With just under 100 dealers from over 40 cities, the fair had 18 countries representing their gallery and artists at the Fashion Industry Gallery in Dallas’ downtown Arts District this past weekend. Carbon 12 and Lawrie Shabibi gallery exhibited for their first time at the fair, coming all the way from Dubai!
This year the fair announced the Dallas Art Fair Acquisition Program. In association with the Dallas Museum of Art (DMA), the program will gift the DMA $50,000 each year to purchase work by artists who have exhibited at the fair. This is such a cool program. Senior curator at the DMA, Gavin Delahunty, made his selections and DMA is adding nine works by four artists to its collection: pieces by Michelle Grabner from Milwaukee's Green Gallery; Nadia Kaabi-Linke from Lawrie Shabibi gallery in Dubai; Merlin James from Dublin's Kerlin Gallery; and Lina Puerta from Geary Contemporary in New York.
I look forward to hitting my favorite galleries every year, one of them being Gallery Henoch. The New York based gallery represents some wonderful realist artists currently working; Eric Zener, Steve Smulka, Janet Rickus, Eric Wert, Steve Mills and Robert C. Jackson among them.
David Richard Gallery of Santa Fe, NM always has stuff up my alley, representing post-war abstract art. This year they introduced me to the engaging ceramic works by Eric Gellert.
Gellert currently works in Santa Fe and his ceramic pieces are comprised of thousands of hand rolled coils of porcelain clay layered and built atop one another. They are very engaging and really have to be experienced in person. In the round, they have ongoing patterns and heavily textured surfaces that form deep grooves, swells, and bulges.

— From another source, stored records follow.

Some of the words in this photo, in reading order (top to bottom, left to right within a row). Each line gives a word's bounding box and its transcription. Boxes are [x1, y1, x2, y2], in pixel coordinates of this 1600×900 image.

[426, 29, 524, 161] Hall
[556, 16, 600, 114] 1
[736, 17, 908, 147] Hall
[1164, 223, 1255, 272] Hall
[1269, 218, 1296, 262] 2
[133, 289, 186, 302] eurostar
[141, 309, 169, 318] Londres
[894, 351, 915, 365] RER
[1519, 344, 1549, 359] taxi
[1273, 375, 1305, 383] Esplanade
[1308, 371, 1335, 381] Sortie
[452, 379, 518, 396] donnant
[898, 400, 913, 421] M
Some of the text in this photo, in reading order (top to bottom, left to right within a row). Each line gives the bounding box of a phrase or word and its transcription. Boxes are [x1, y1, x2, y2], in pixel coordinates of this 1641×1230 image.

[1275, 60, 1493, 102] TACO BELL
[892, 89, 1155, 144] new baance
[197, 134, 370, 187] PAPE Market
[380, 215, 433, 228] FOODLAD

In last year’s blog on the fair, I mentioned my first encounter with the work of Emil Lukas. He does wonderful thread paintings. This year, Hosfelt Gallery’s booth was filled solely with Lukas’ work. The California gallery had work from two other series Lukas has been working on.

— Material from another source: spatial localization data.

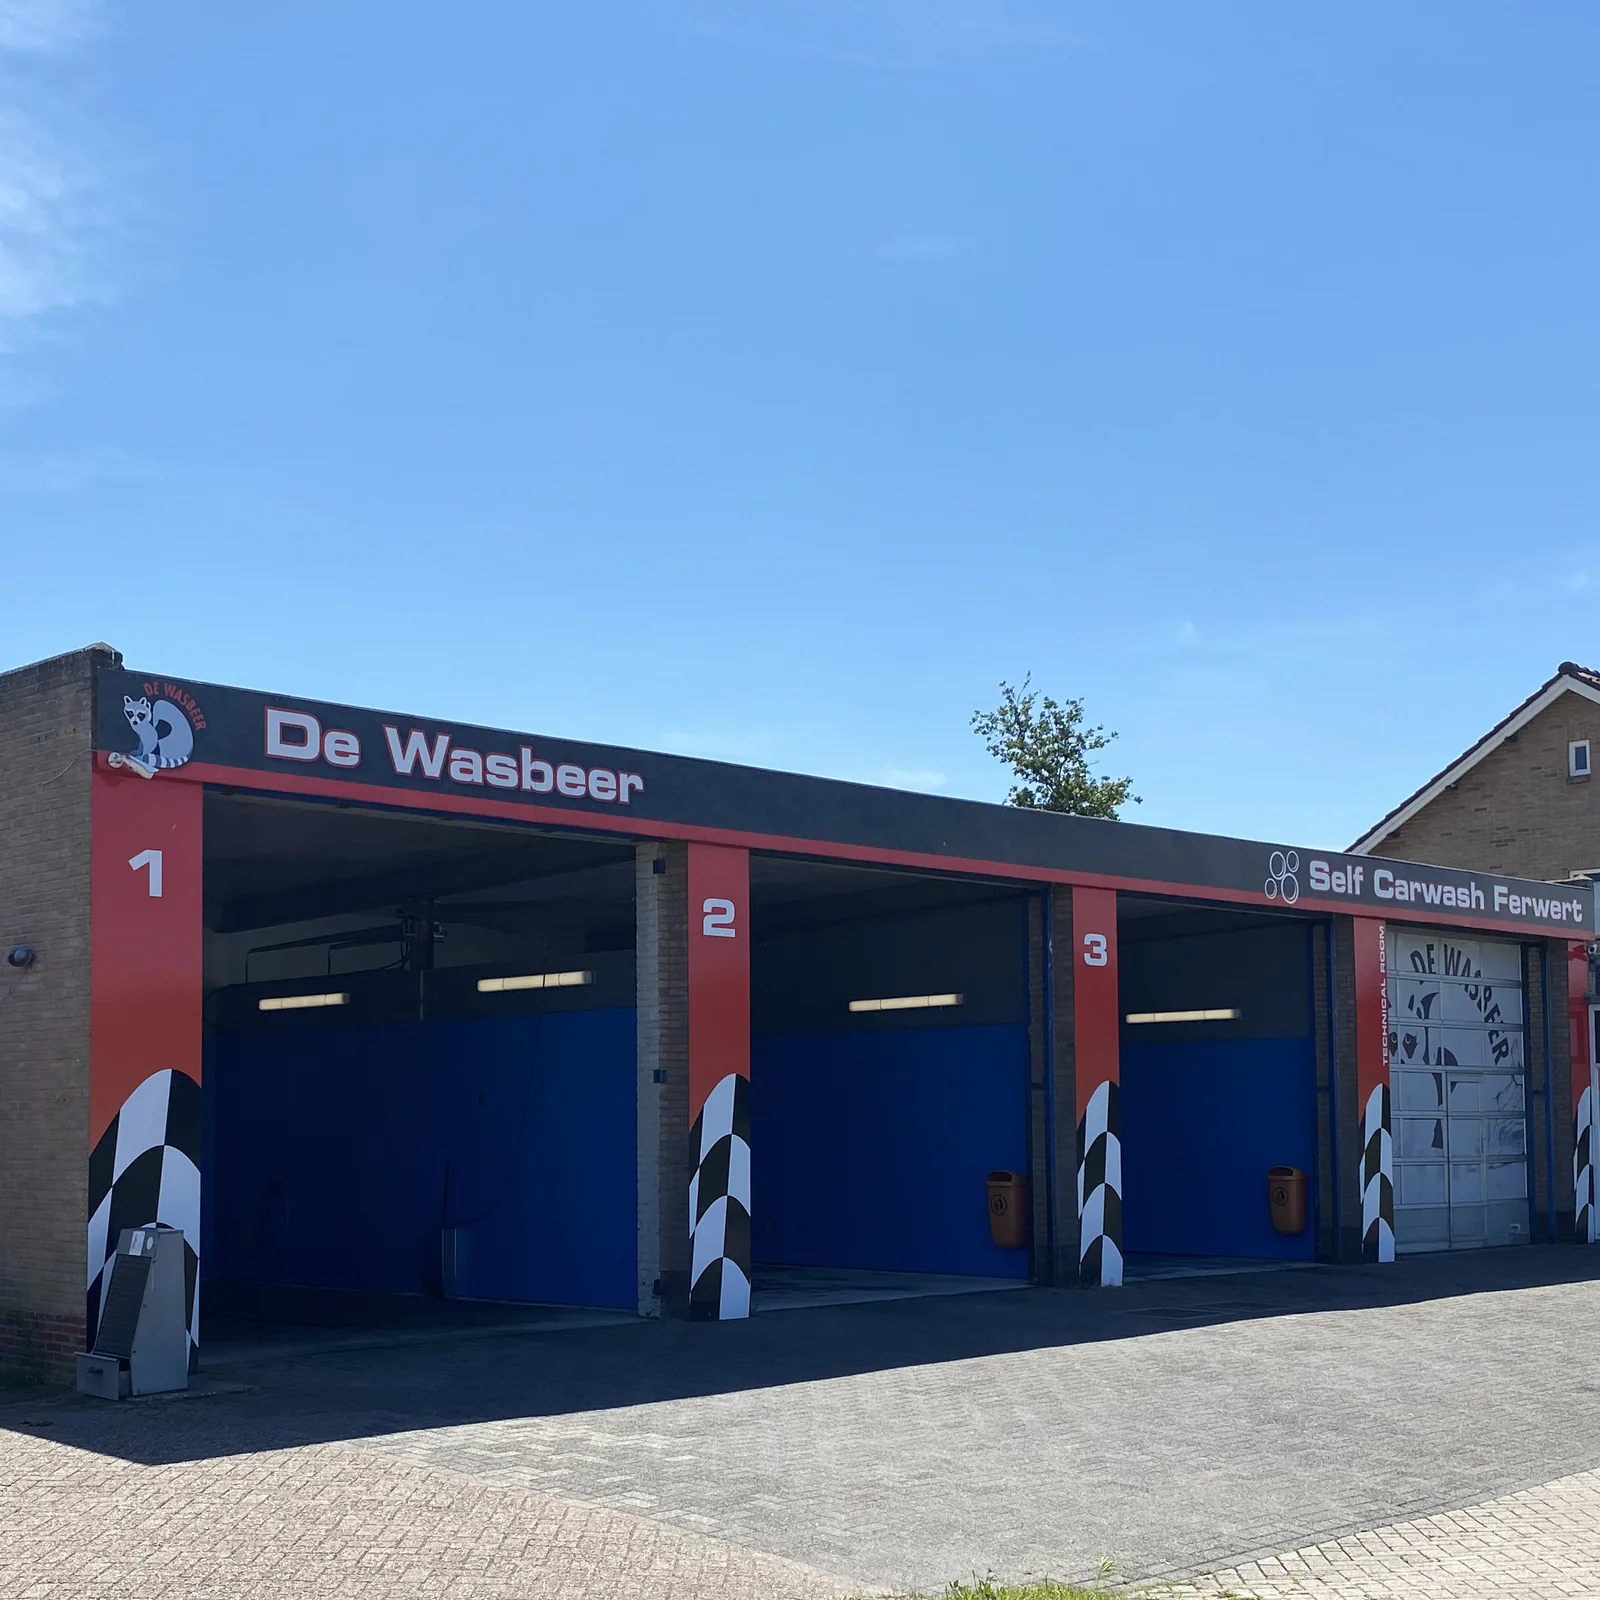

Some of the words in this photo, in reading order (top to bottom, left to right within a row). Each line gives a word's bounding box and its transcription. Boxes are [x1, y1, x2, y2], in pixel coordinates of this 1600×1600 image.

[143, 681, 161, 698] DE
[163, 682, 207, 731] WASBEER
[264, 706, 361, 768] De
[382, 724, 644, 804] Wasbeer
[128, 849, 163, 897] 1
[1308, 860, 1365, 895] Self
[1373, 869, 1485, 910] Carwash
[1493, 885, 1583, 923] Ferwert
[703, 898, 736, 938] 2
[1084, 933, 1108, 967] 3
[1381, 977, 1389, 1066] TECHNICAL

Per the artist’s statement on this series: These chunky cast-plaster works are composed of a honeycomb of multitudes of cells, individually stained through an accrual of water-soluble pigments that get blotted out, are allowed to soak in, or evaporate to leave their crusty evidence. Seen head-on, the multi-colored pixels create shimmering fields - a kind of nonobjective pointillism. Viewed from the edge, they have the sculptural quality of soft stone, pitted and polished by water.
They certainly do a number on your eyes as you chase colors and patterns across the wood panel; pulling you in to see the detail and the specific colors of each cell, then pushing you away to see the overall piece and how each cell and color interacts within the piece.

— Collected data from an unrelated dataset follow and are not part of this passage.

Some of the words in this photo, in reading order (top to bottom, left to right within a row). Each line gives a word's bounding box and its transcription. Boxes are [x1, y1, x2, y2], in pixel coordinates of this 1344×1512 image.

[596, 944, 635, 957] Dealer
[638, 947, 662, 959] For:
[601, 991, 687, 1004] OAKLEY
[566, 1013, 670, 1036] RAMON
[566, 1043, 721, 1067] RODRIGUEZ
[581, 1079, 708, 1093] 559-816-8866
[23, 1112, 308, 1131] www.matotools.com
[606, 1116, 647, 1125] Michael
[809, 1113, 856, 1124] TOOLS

In 2013, Mayor Mike Rawlings instituted the Dallas Arts Week to fall on the same week every year to coincide with the DAF; giving residents and visitors too much to do and see during the citywide celebration of the arts.
With new dealers every year, the DAF’s international impact and reputation is evident – no easy task considering there are over 150 art fairs each year. In 2009 there were fewer than 4,000 visitors to the fair, this year there were over 10,000. It is a great show right in our own backyard; we at Signet Art look forward to and highly recommend it.